=== Available data ===
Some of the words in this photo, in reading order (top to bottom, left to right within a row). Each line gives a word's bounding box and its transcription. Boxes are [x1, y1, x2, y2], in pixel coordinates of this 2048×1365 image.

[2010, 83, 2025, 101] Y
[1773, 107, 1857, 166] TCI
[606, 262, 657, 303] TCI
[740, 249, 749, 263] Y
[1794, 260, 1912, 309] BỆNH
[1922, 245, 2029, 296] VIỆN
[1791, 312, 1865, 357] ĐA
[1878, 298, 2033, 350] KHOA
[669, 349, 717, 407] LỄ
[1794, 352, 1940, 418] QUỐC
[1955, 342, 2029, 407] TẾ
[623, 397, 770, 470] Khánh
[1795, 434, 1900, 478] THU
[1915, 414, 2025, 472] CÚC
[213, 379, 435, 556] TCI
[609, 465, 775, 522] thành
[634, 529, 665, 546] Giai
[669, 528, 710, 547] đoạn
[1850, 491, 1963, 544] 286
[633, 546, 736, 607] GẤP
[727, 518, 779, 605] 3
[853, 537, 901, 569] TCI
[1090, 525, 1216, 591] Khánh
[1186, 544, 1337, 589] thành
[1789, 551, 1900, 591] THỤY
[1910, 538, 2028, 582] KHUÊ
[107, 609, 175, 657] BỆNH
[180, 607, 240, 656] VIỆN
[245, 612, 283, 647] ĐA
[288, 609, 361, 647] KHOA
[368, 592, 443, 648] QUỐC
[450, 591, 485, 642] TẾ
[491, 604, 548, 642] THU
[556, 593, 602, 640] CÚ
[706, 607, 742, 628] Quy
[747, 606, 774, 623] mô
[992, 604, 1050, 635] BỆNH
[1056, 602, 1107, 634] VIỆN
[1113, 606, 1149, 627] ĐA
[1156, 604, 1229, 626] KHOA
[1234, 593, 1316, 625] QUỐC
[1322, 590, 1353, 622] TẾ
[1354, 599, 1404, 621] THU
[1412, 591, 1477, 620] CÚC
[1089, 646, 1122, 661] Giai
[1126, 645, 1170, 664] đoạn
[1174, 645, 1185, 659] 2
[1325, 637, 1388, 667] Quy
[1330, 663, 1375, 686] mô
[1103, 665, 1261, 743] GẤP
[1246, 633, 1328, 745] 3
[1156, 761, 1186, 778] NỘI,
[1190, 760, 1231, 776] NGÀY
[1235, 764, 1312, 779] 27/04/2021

=== Exercise goal ===
From the entries above, copy every line that holds the word "đoạn".

=== Answer box ===
[669, 528, 710, 547] đoạn
[1126, 645, 1170, 664] đoạn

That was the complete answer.